Transcribe each entry in full, and leave the images out.

BEGIN Dataset records

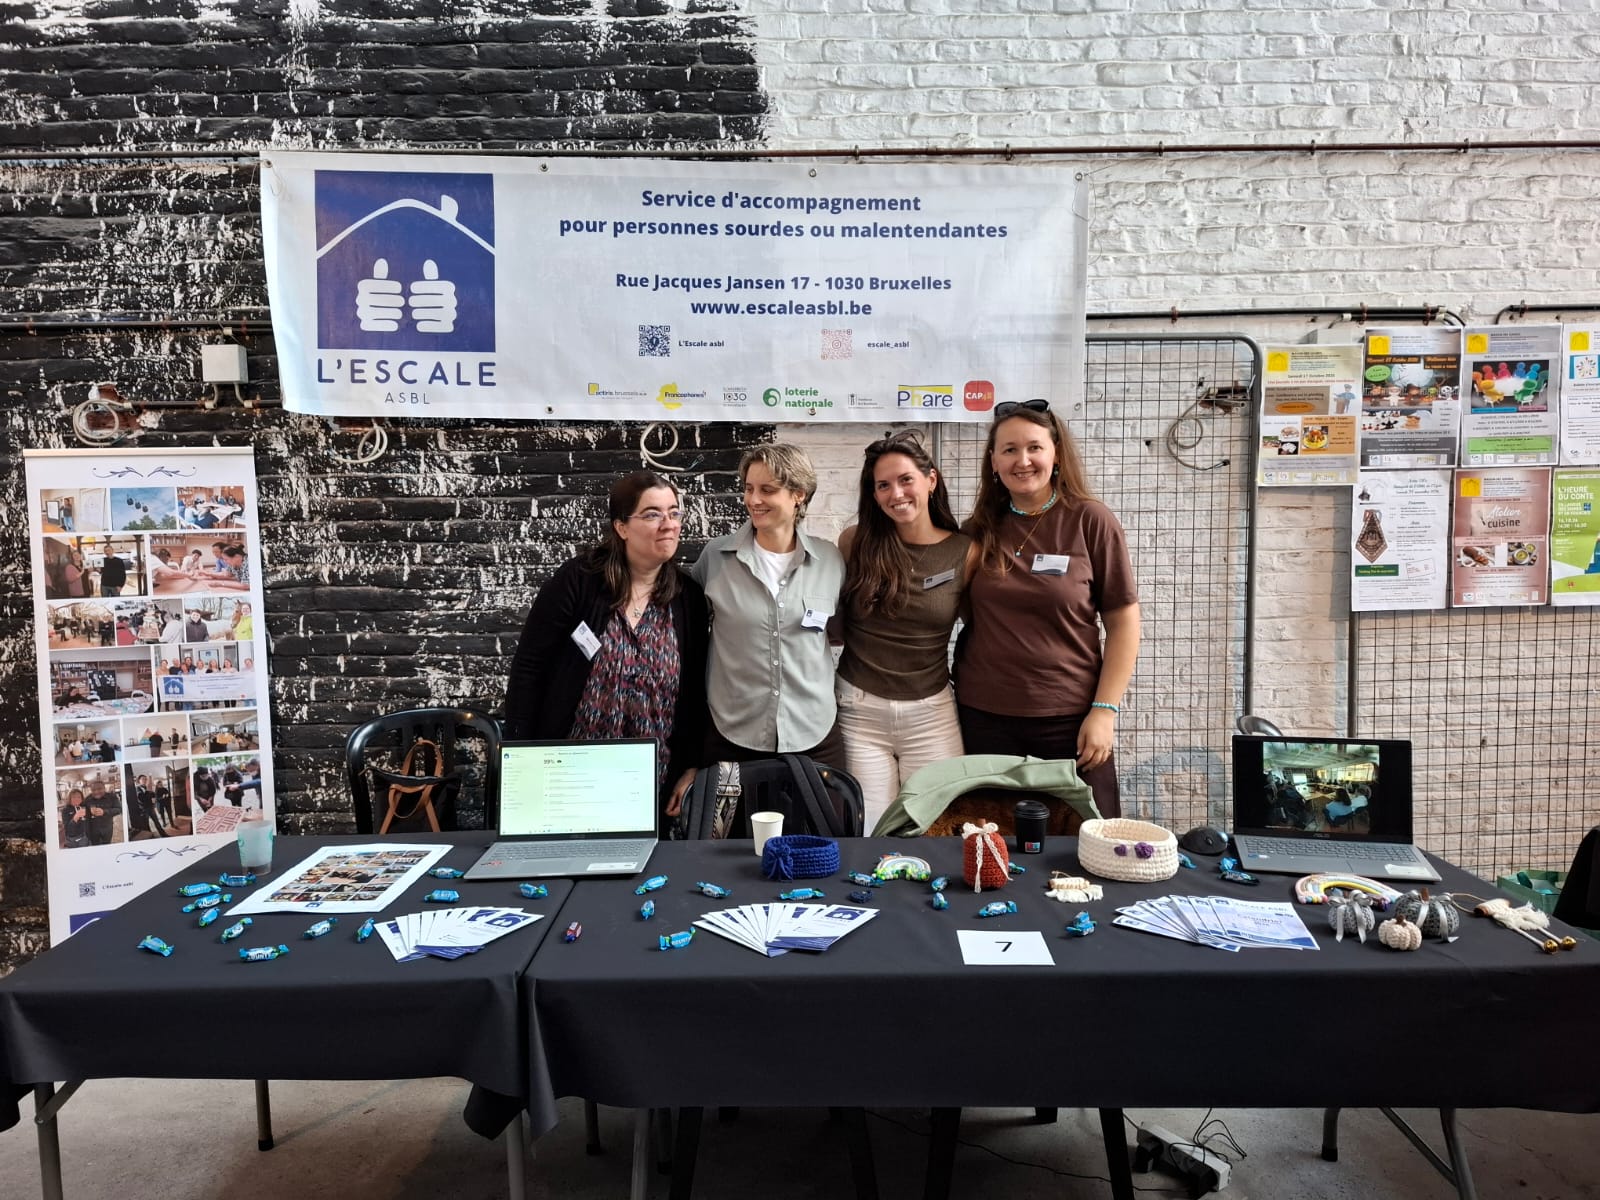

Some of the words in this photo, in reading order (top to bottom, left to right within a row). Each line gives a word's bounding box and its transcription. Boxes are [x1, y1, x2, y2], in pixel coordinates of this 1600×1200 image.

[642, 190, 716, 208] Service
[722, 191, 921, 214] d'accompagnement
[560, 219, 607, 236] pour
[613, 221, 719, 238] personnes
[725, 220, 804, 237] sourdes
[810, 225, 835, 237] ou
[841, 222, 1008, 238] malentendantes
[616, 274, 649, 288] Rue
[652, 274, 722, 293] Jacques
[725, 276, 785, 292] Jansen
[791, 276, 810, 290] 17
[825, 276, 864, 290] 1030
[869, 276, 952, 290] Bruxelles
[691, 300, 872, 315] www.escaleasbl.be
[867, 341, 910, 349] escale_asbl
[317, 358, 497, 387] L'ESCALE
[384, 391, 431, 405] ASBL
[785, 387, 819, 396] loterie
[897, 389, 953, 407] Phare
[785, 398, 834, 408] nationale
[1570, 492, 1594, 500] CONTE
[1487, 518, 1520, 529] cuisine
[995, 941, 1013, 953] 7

END Dataset records

Exercise solution:
Some of the words in this photo, in reading order (top to bottom, left to right within a row). Each line gives a word's bounding box and its transcription. Boxes are [x1, y1, x2, y2], in pixel coordinates of this 1600×1200 image.

[642, 190, 716, 208] Service
[722, 191, 921, 214] d'accompagnement
[560, 219, 607, 236] pour
[613, 221, 719, 238] personnes
[725, 220, 804, 237] sourdes
[810, 225, 835, 237] ou
[841, 222, 1008, 238] malentendantes
[616, 274, 649, 288] Rue
[652, 274, 722, 293] Jacques
[725, 276, 785, 292] Jansen
[791, 276, 810, 290] 17
[825, 276, 864, 290] 1030
[869, 276, 952, 290] Bruxelles
[691, 300, 872, 315] www.escaleasbl.be
[867, 341, 910, 349] escale_asbl
[317, 358, 497, 387] L'ESCALE
[384, 391, 431, 405] ASBL
[785, 387, 819, 396] loterie
[897, 389, 953, 407] Phare
[785, 398, 834, 408] nationale
[1570, 492, 1594, 500] CONTE
[1487, 518, 1520, 529] cuisine
[995, 941, 1013, 953] 7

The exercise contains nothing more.